Data records
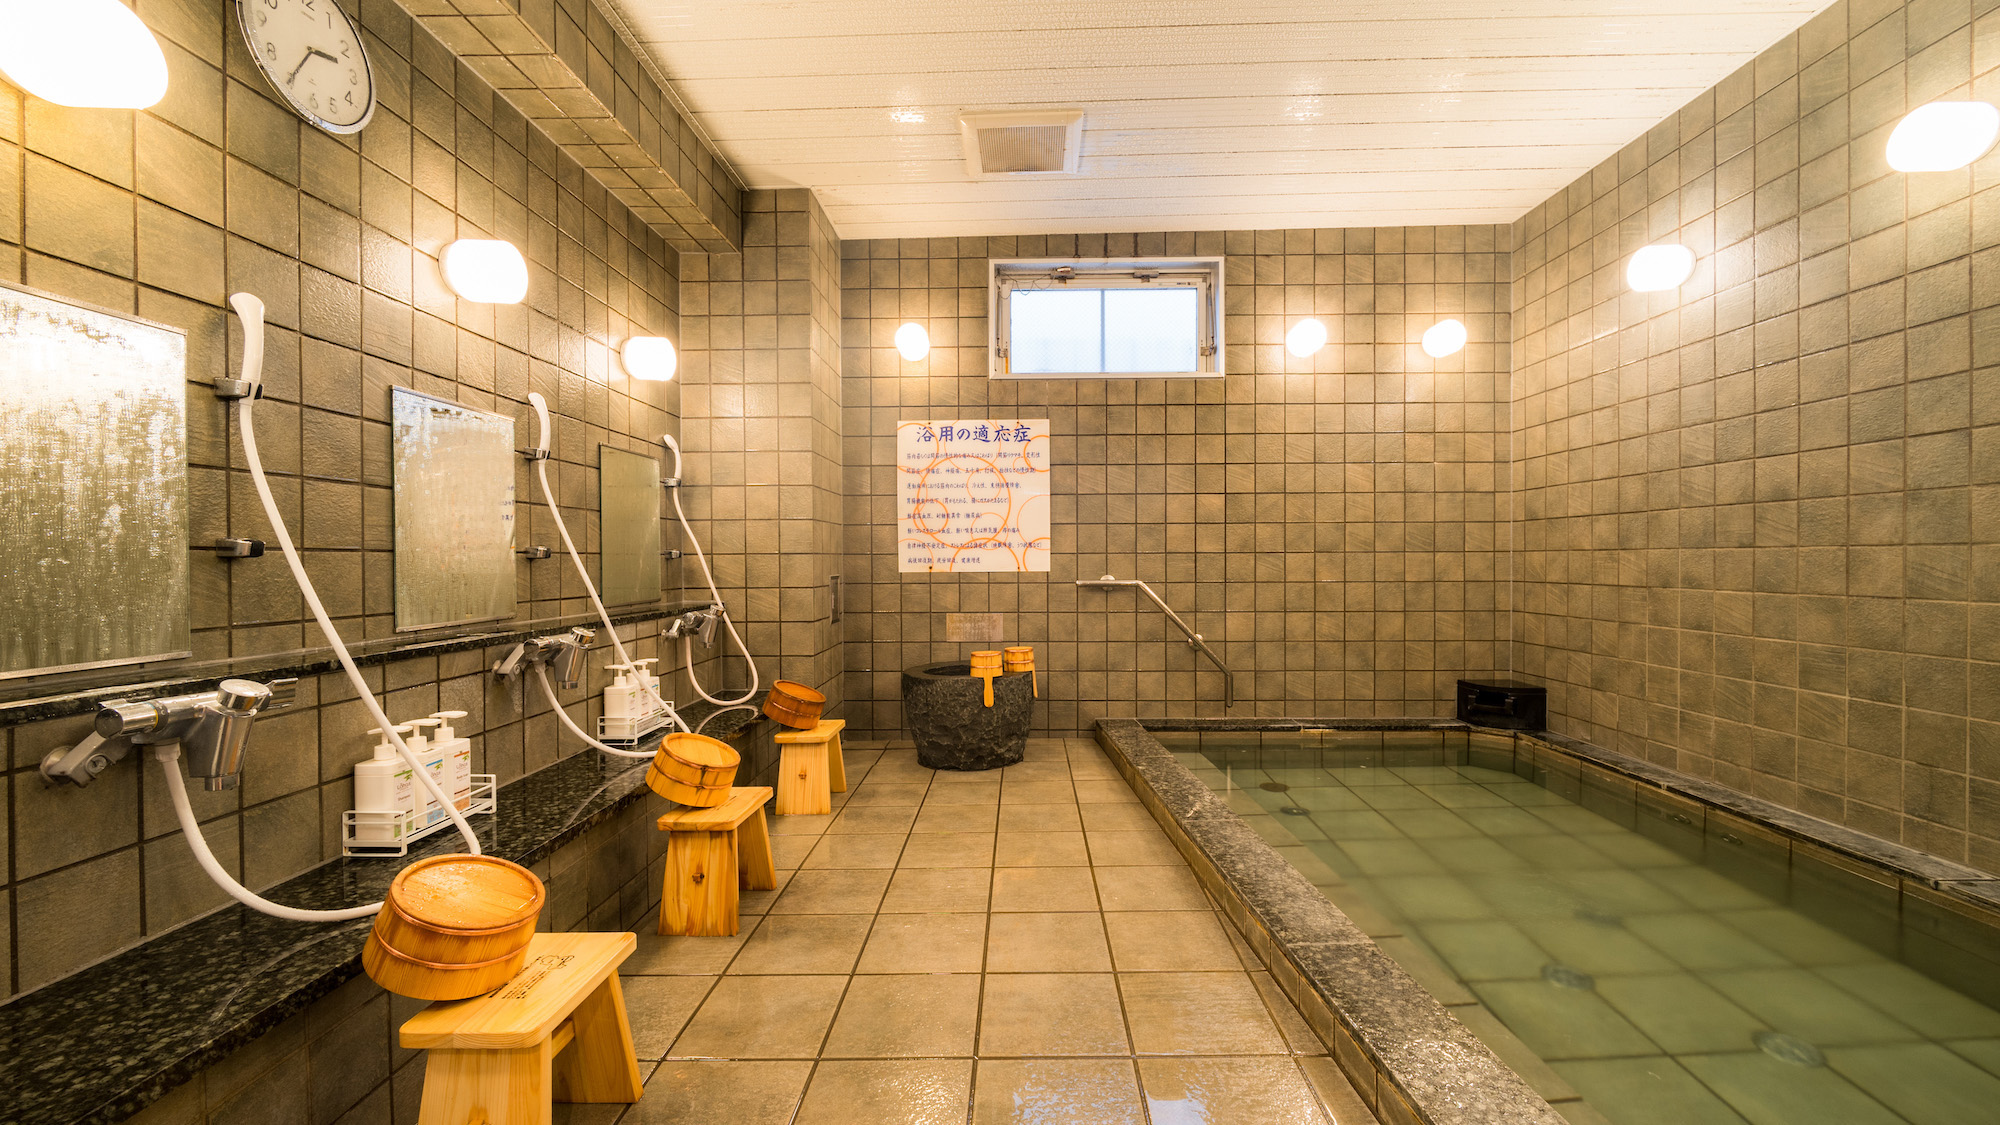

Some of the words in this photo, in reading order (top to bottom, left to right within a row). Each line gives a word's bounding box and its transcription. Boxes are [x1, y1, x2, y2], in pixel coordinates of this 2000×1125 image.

[257, 10, 267, 27] 9
[326, 11, 332, 29] 1
[266, 42, 277, 61] 8
[340, 40, 350, 58] 2
[349, 69, 358, 86] 3
[310, 93, 319, 110] 6
[330, 96, 338, 114] 5
[344, 90, 354, 107] 4
[916, 424, 1032, 443] 浴用の適応症
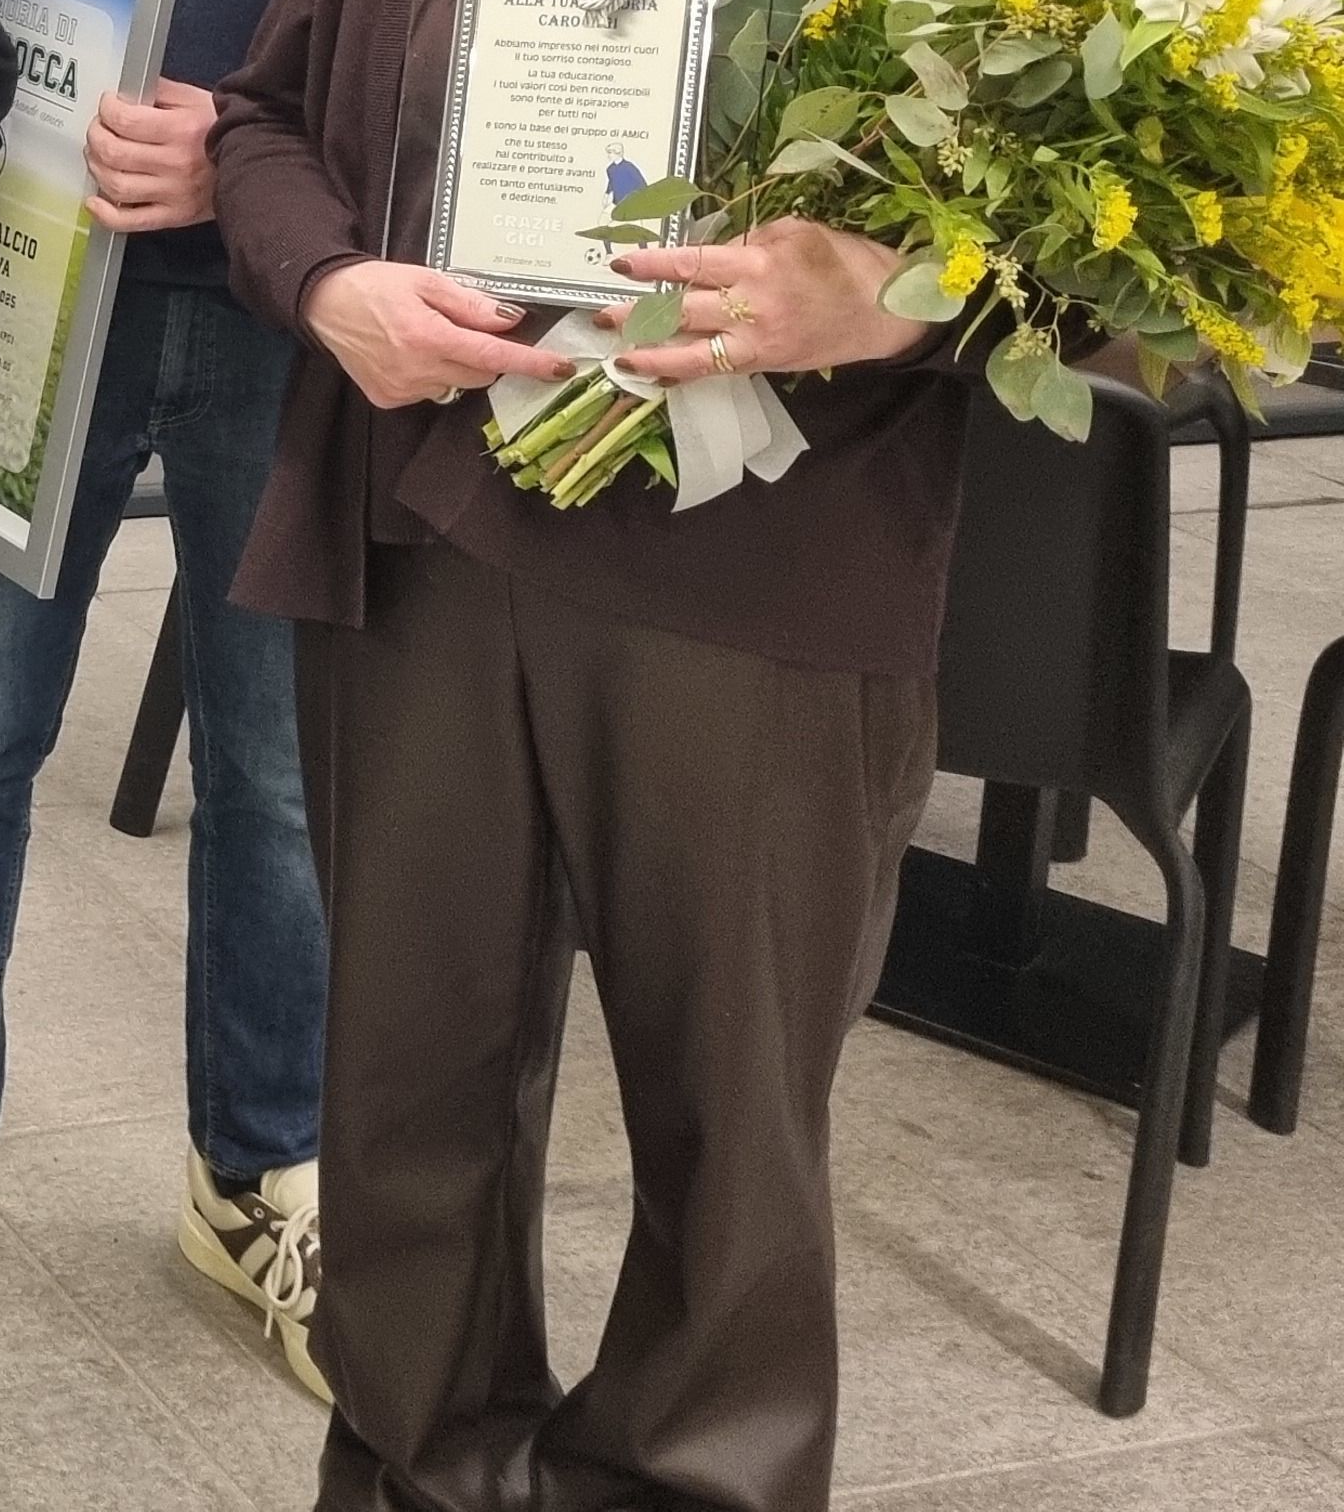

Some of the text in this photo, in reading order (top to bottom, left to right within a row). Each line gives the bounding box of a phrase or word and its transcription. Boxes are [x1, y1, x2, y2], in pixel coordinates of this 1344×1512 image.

[538, 15, 581, 27] CARO
[55, 13, 78, 46] DI
[494, 39, 659, 54] Abbiamo impresso nei nostri cuori
[523, 54, 539, 62] tuo
[542, 54, 574, 64] sorriso
[577, 57, 632, 67] contagioso
[12, 35, 79, 102] OCCA
[540, 70, 556, 78] tua
[499, 81, 518, 89] tuoi
[520, 82, 546, 92] valori
[569, 84, 588, 93] ben
[591, 85, 651, 97] riconoscibili
[14, 99, 38, 117] rande
[510, 94, 629, 109] sono fonte di ispirazione
[538, 108, 597, 120] per tutti noi
[494, 122, 517, 131] sono
[519, 123, 527, 131] la
[530, 124, 552, 132] base
[554, 125, 569, 133] del
[571, 127, 607, 137] gruppo
[610, 128, 619, 137] di
[621, 130, 649, 139] AMICI
[504, 138, 568, 150] che tu stesso
[495, 150, 509, 159] hai
[512, 152, 566, 163] contribuito
[472, 161, 595, 177] realizzare e portare avanti
[480, 178, 584, 193] con tanto entusiasmo
[493, 214, 561, 232] GRAZIE
[505, 233, 544, 246] GIGI
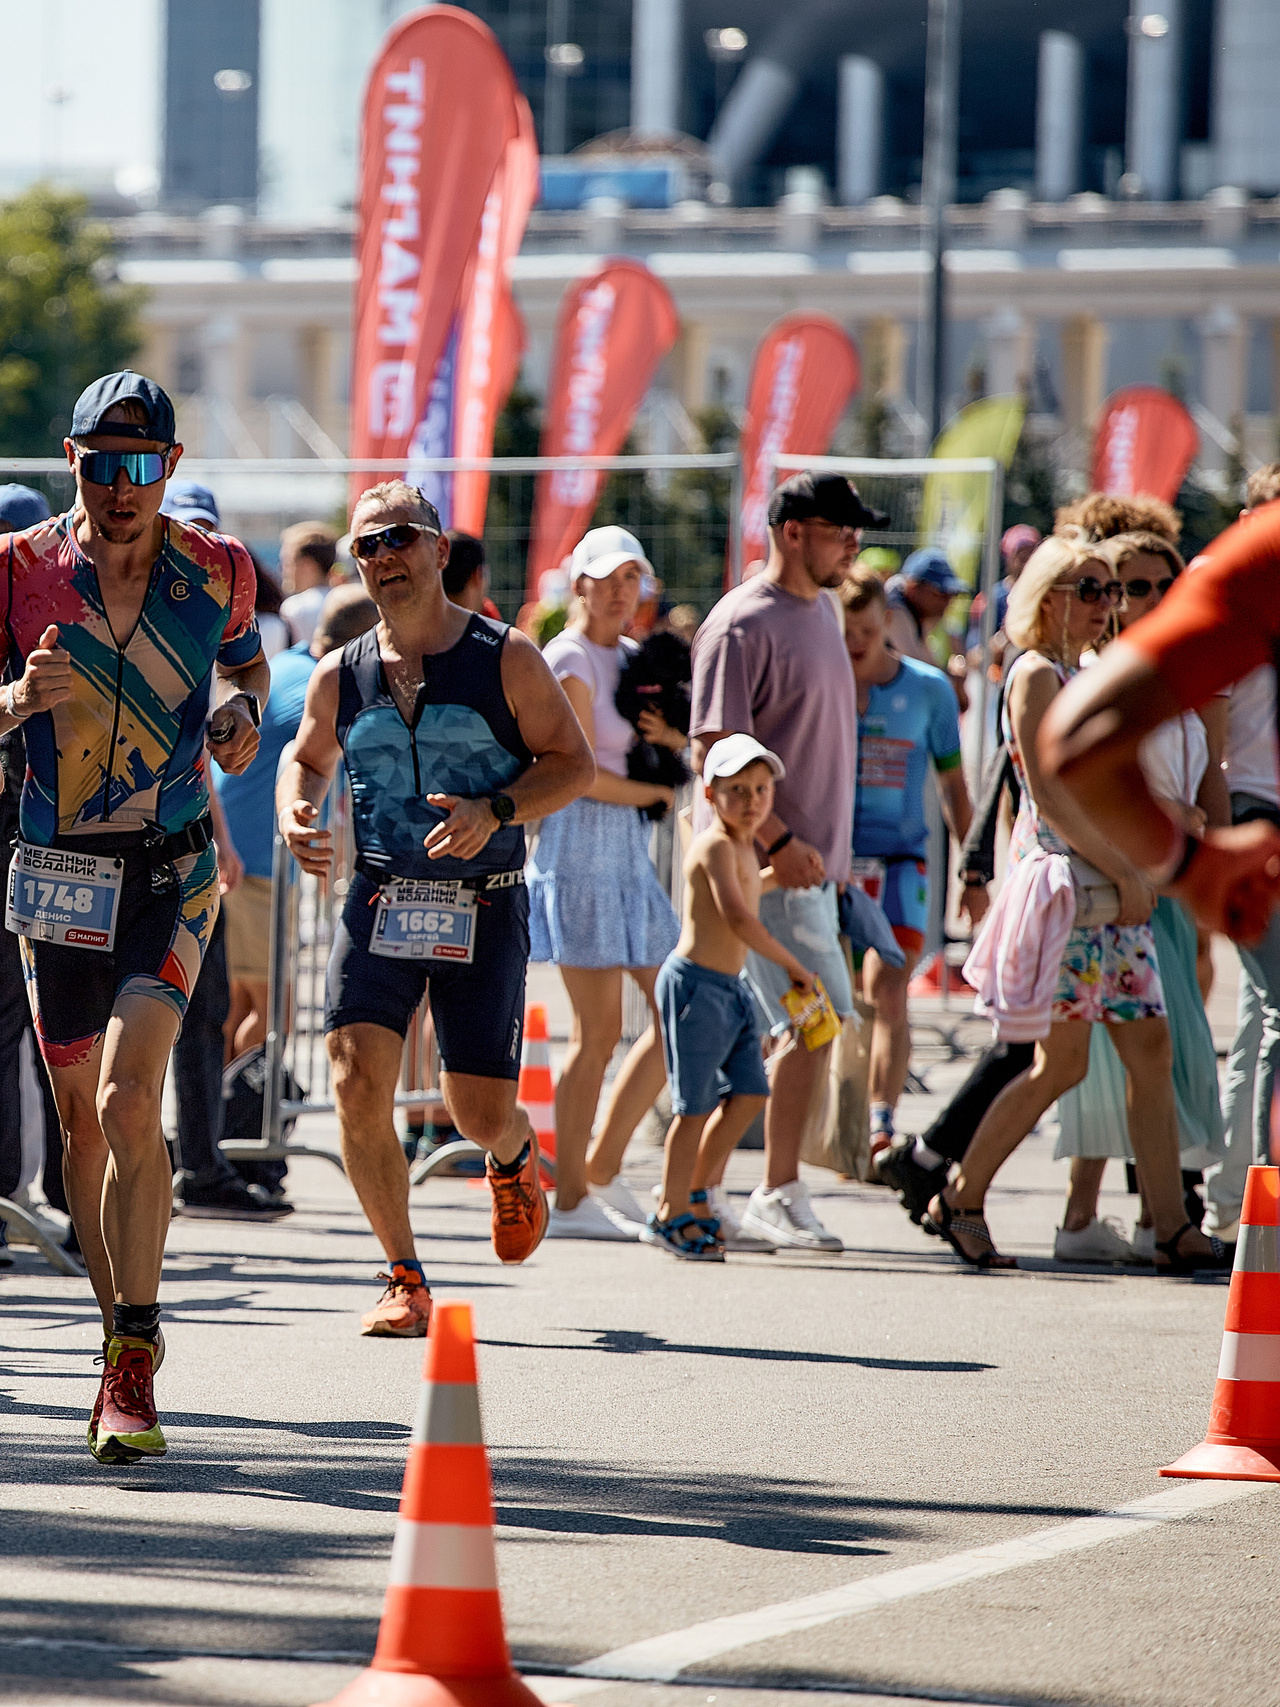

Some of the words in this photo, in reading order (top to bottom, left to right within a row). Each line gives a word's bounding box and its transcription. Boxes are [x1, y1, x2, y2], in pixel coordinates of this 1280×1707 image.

[23, 857, 96, 876] ВСАДНИК
[24, 847, 97, 867] МЕДНЫЙ
[23, 880, 94, 913] 1748
[35, 909, 72, 922] ДЕНИС
[397, 910, 455, 934] 1662
[77, 933, 105, 942] МАГНИТ
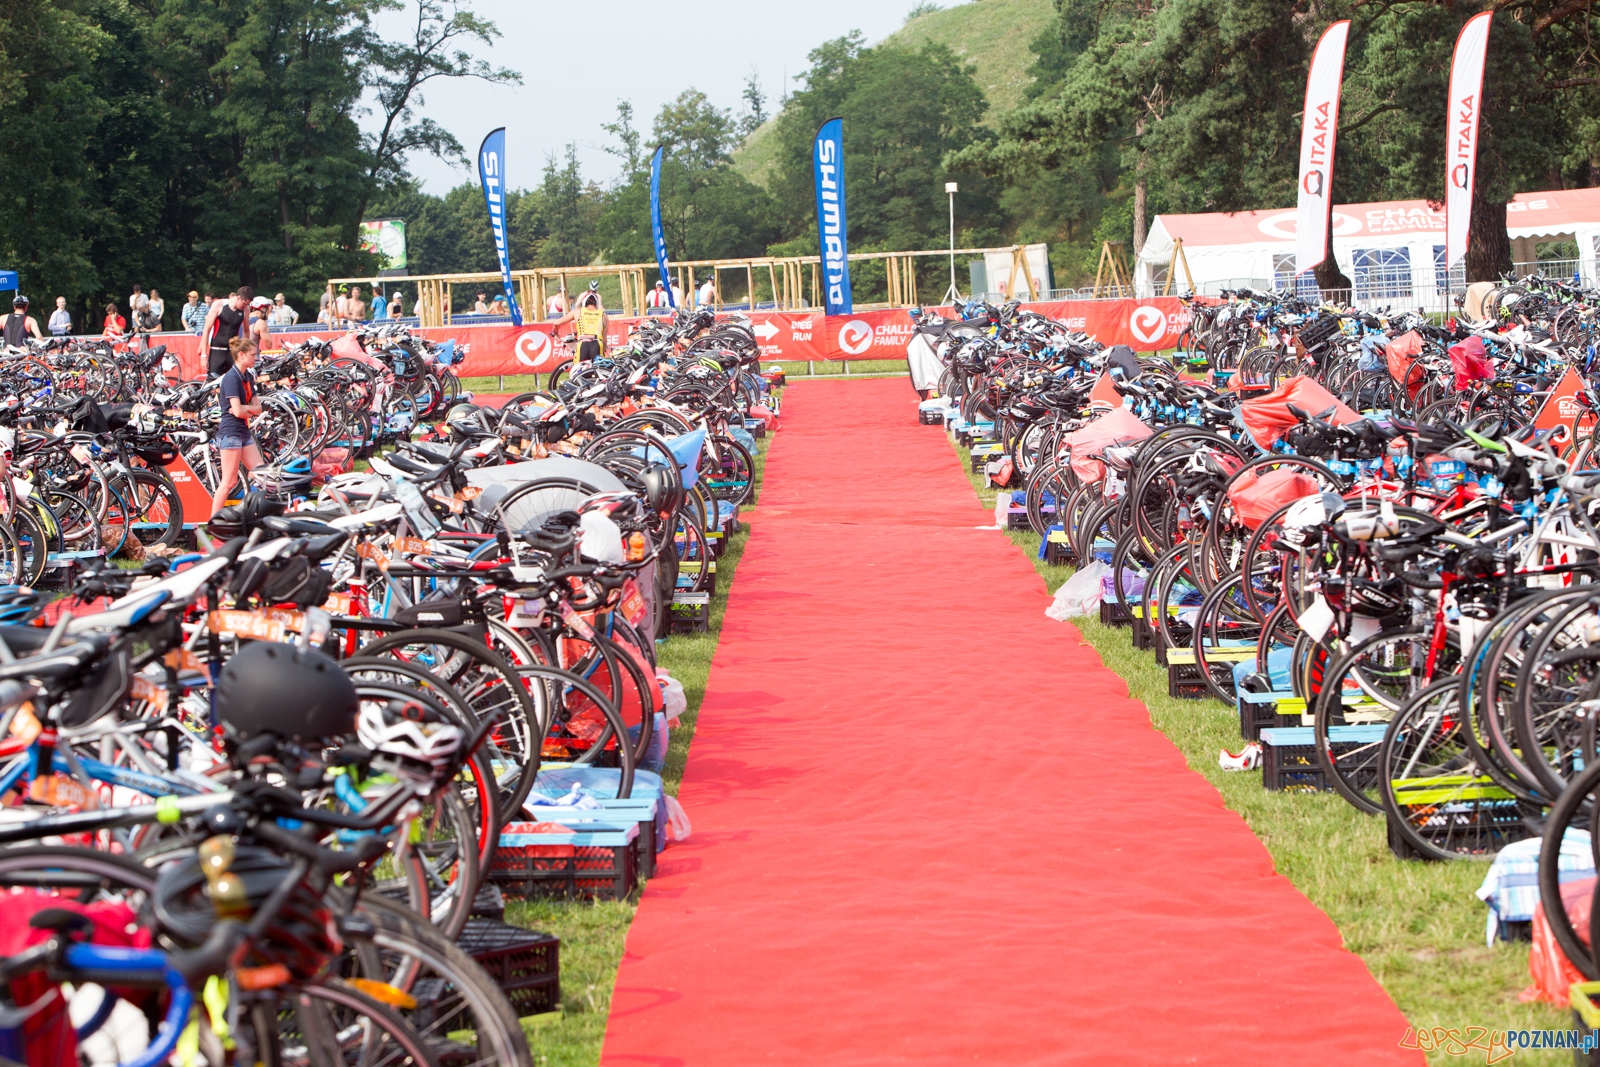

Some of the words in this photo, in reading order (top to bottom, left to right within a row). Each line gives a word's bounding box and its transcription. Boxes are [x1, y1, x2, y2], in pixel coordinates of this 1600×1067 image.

Aim of the exercise
Here the records must be restated exactly, minus any images.

Your solution
Some of the words in this photo, in reading order (top to bottom, left to right within a row). Each line gives a word's bounding box and its transcription. Boxes are [x1, y1, x2, y2], in pixel coordinates of this 2000×1125 image.

[257, 10, 267, 27] 9
[326, 11, 332, 29] 1
[266, 42, 277, 61] 8
[340, 40, 350, 58] 2
[349, 69, 358, 86] 3
[310, 93, 319, 110] 6
[330, 96, 338, 114] 5
[344, 90, 354, 107] 4
[916, 424, 1032, 443] 浴用の適応症

Some of the text in this photo, in reading order (top to bottom, left to right within a row). Each line gives the bounding box of a phrase or word and its transcription. Boxes are [x1, y1, x2, y2], in pixel coordinates of this 1344×1512 image.

[538, 15, 581, 27] CARO
[55, 13, 78, 46] DI
[494, 39, 659, 54] Abbiamo impresso nei nostri cuori
[523, 54, 539, 62] tuo
[542, 54, 574, 64] sorriso
[577, 57, 632, 67] contagioso
[12, 35, 79, 102] OCCA
[540, 70, 556, 78] tua
[499, 81, 518, 89] tuoi
[520, 82, 546, 92] valori
[569, 84, 588, 93] ben
[591, 85, 651, 97] riconoscibili
[14, 99, 38, 117] rande
[510, 94, 629, 109] sono fonte di ispirazione
[538, 108, 597, 120] per tutti noi
[494, 122, 517, 131] sono
[519, 123, 527, 131] la
[530, 124, 552, 132] base
[554, 125, 569, 133] del
[571, 127, 607, 137] gruppo
[610, 128, 619, 137] di
[621, 130, 649, 139] AMICI
[504, 138, 568, 150] che tu stesso
[495, 150, 509, 159] hai
[512, 152, 566, 163] contribuito
[472, 161, 595, 177] realizzare e portare avanti
[480, 178, 584, 193] con tanto entusiasmo
[493, 214, 561, 232] GRAZIE
[505, 233, 544, 246] GIGI

Some of the words in this photo, in reading order (top to bottom, left to right within a row). Each line gives a word's bounding box and its transcription. Boxes are [x1, y1, x2, y2], in pixel coordinates of this 1280×1707 image.

[23, 857, 96, 876] ВСАДНИК
[24, 847, 97, 867] МЕДНЫЙ
[23, 880, 94, 913] 1748
[35, 909, 72, 922] ДЕНИС
[397, 910, 455, 934] 1662
[77, 933, 105, 942] МАГНИТ

Some of the words in this photo, in reading order (top to bottom, left to right within a row). Each line gives a word's bounding box and its transcription. Boxes are [x1, y1, x2, y2], in pixel coordinates of this 1600×1067 image.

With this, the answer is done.